» **Work to be completed**:
Give the data again in full, without pictures.

Segment Start: Input records

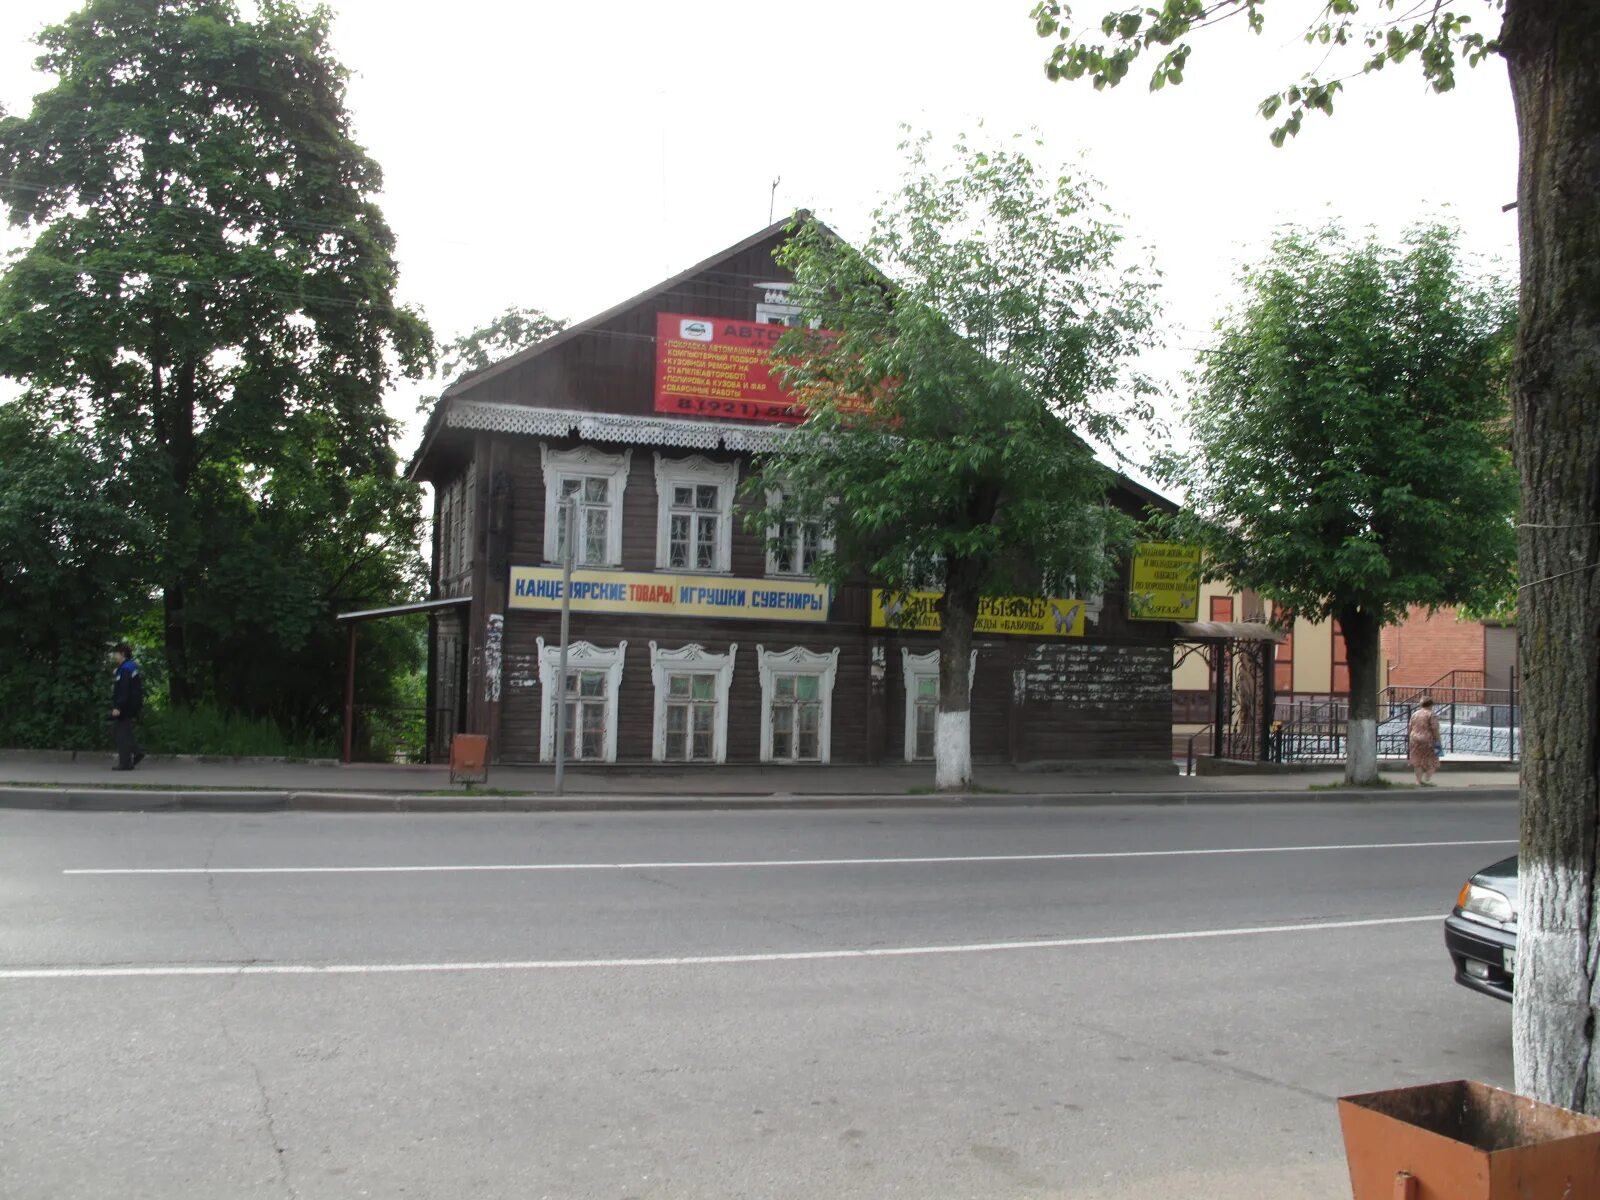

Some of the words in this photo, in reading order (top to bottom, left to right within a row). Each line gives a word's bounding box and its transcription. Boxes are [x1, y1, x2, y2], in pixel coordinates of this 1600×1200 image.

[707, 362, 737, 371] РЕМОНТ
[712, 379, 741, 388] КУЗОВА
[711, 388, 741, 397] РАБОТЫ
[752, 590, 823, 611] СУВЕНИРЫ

Segment End: Input records

» **Expected answer**:
Some of the words in this photo, in reading order (top to bottom, left to right within a row). Each line gives a word's bounding box and its transcription. Boxes are [x1, y1, x2, y2], in pixel coordinates of this 1600×1200 image.

[707, 362, 737, 371] РЕМОНТ
[712, 379, 741, 388] КУЗОВА
[711, 388, 741, 397] РАБОТЫ
[752, 590, 823, 611] СУВЕНИРЫ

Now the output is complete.